Está certo que "nós somos os médicos de nós mesmos" porque conhecemos o nosso organismo e sabemos quando algo não está bem e como diz o ditado popular:"de médico e de louco cada um tem um pouco", mas isso não dá o direito da pessoa achar que sabe, ou porque pesquisou na Internet de sair pela vida fora ingerindo este ou aquele medicamento sem ser observado por um médico, este é o único que detém (ou deveria ter) a habilitação necessária para a prescrição de medicamentos ao doente. O farmacêutico (aquele que cursou a faculdade de Farmácia e não o atendente na farmácia ou drogaria) tem habilitações necessárias para indicar um fármaco para determinada doença, porém não detém o conhecimento do historial do doente em relação às doenças que possuem e a medicação que toma, por vezes têm alguma patologia ou toma alguma medicação que não pode ser associado a determinados fármacos, por exemplo, se o doente tem Hipertensão Arterial não deve usar frequentemente AINE's, pois estes podem provocar aumento na tensão arterial, assim como os doentes hipocoagulados também não o devem fazer, porque há o risco de provocar hemorragias, principalmente digestivas.
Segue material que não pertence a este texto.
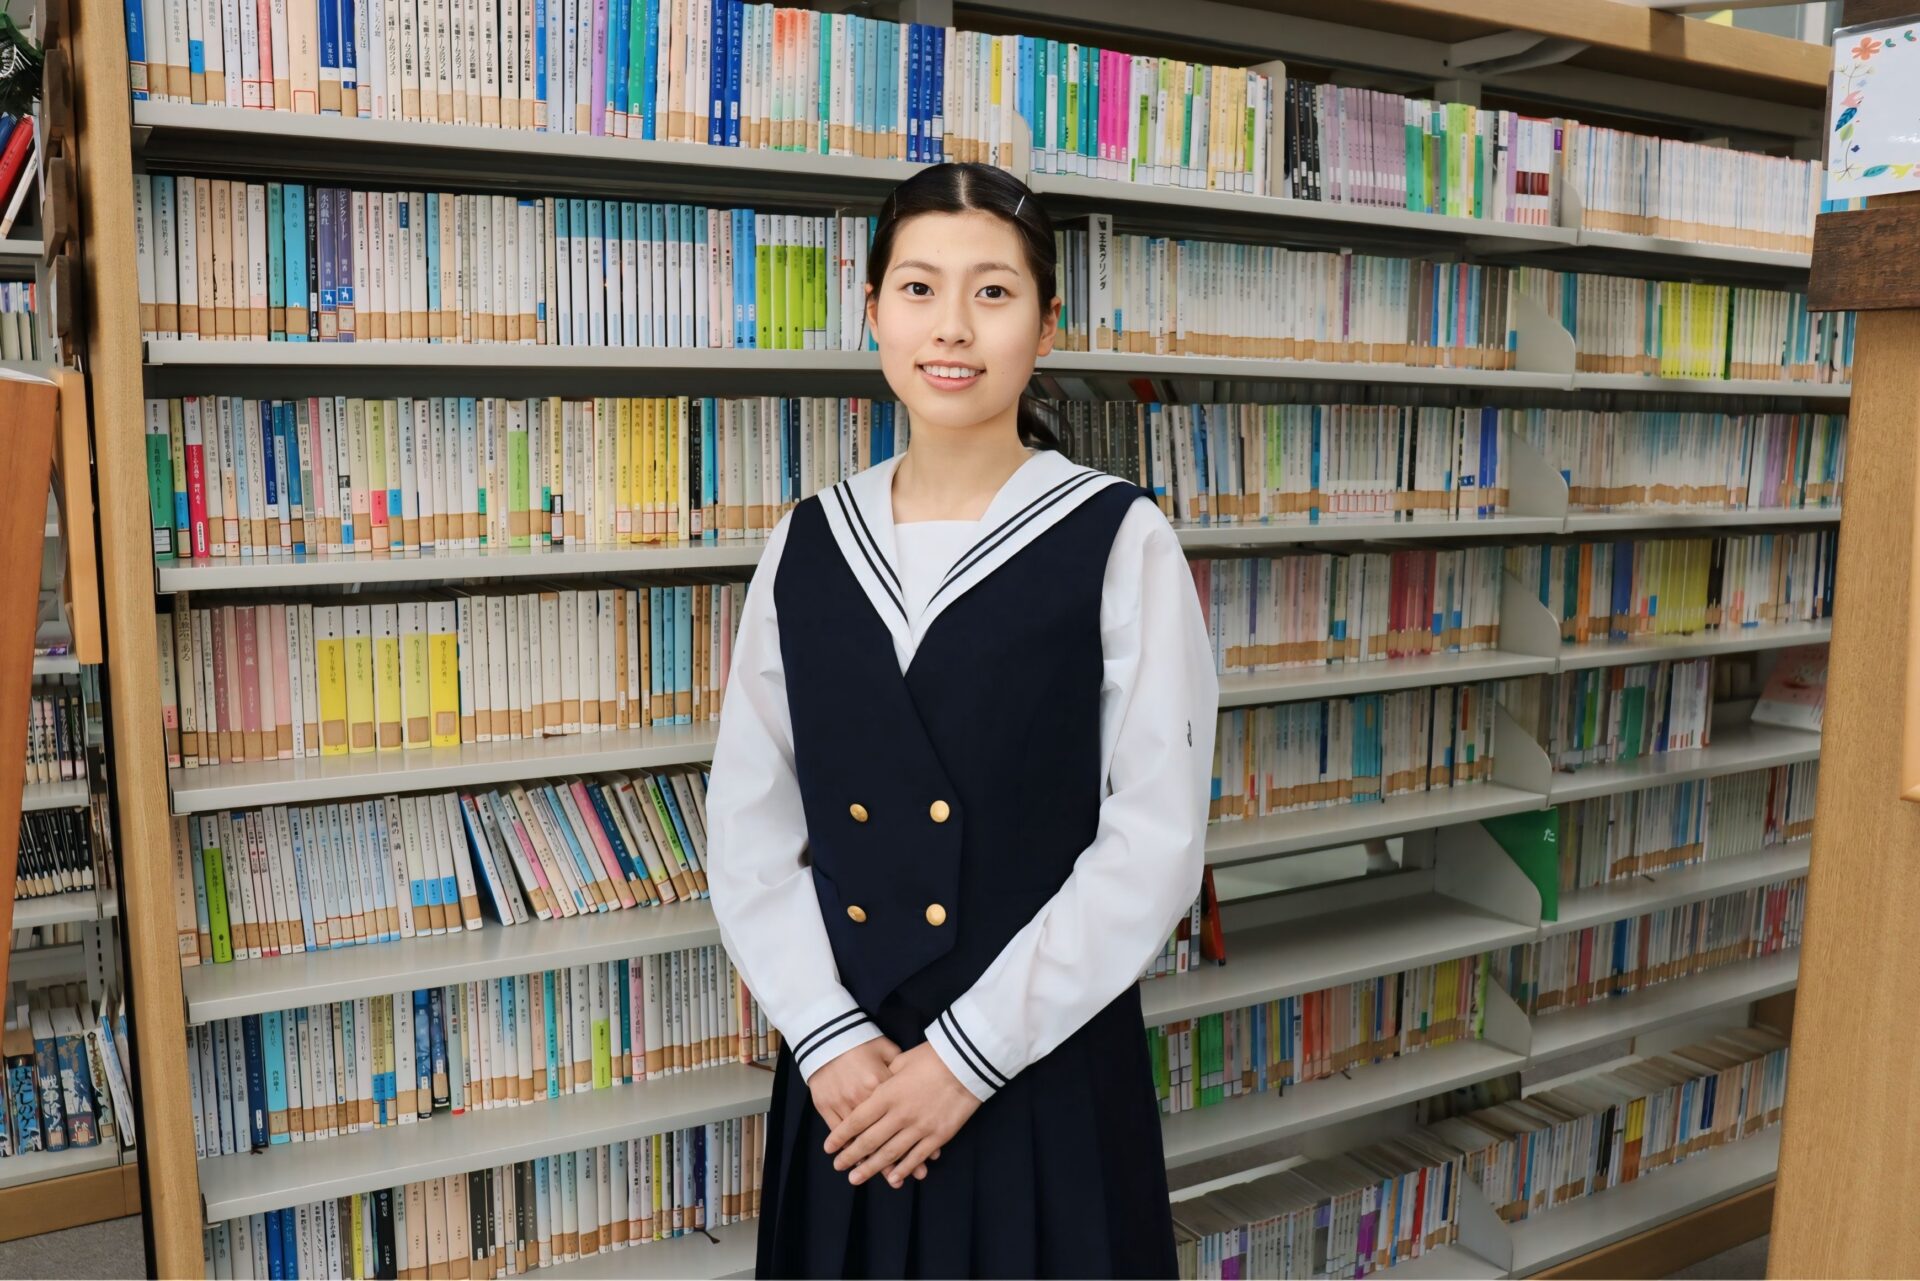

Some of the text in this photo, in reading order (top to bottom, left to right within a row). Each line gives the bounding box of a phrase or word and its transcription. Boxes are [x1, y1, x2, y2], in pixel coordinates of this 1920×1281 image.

Hoje em dia quando alguém se queixa de dor no estômago tem sempre alguém para aconselhar: "toma um comprimido de (...)" da mesma forma que nos meios de comunicação social existem anúncios comerciais de fármacos exatamente como os que são apresentados, por exemplo, para um shampoo, ou então incentivam a manter hábitos errados de alimentação e para prevenir suas consequências aconselham andar sempre com a "carteirinha de (...)" no bolso.

O consumo de medicamentos já está tão arraigado que passou a ser banalizado, só que as pessoas parecem esquecer que os fármacos são substâncias químicas que interagem e interferem com o normal funcionamento do organismo, que vão fazer bem aquela doença ou sintoma, mas vão prejudicar outra parte do organismo e que isso leva à poli medicação (por necessidade de associação quando há mais de um alvo a ser combatido, mas muitas vezes para combater o efeito colateral de uma medicação e depois outra e mais outra gerando uma cascata: um fármaco para uma doença, outro fármaco para combater o efeito indesejável daquele e depois outro para combater o deste e assim sucessivamente, por exemplo, determinado fármaco utilizado para a tosse causa "prisão de ventre" o que leva a tomar posteriormente um fármaco laxante e/ou regulador do intestino).

A super valorização do artificial em detrimento do natural tem que diminuir, as pessoas deverão se conscientizar que

* Prevenir é o melhor remédio;

* Uma alimentação equilibrada é a maior fonte de saúde. "Nós somos aquilo que comemos";

*A atividade física é o complemento da alimentação equilibrada para manter um organismo saudável;

* Uma simples vitamina é alimento (fornece os nutrientes necessários ao bom desenvolvimento e funcionamento do organismo), remédio (quando o organismo está carente dela) ou veneno/tóxico para o organismo (quando está em excesso no organismo, no caso de ter uma alimentação equilibrada, rica em frutas, verduras e legumes, que fornece as vitaminas necessárias ao organismo e ainda assim tomar vitaminas compradas na farmácia).

* Várias doenças têm sintomas em comum, porém cada uma delas requer tratamento diferentes, quem tem (ou deveria ter) o conhecimento para saber qual o tratamento específico para cada uma delas, é o médico;

* Cada organismo é diferente e tem reação diferente à agressão sofrida quer pela doença, quer pelo tratamento instituído, o medicamento que é bom para um pode não o ser para o outro, por exemplo um fármaco tranquilizante, pode em determinadas pessoas deixá-la mais excitada ao invés de tranquila;

* Todo o medicamento é uma substância química que interfere com o normal funcionamento do organismo.

Se houver essa tomada de consciência a cerca do consumo de medicamento , este passe a ser produzido de forma racional atendendo às reais necessidades relativas à saúde e não relativas à obtenção de lucros.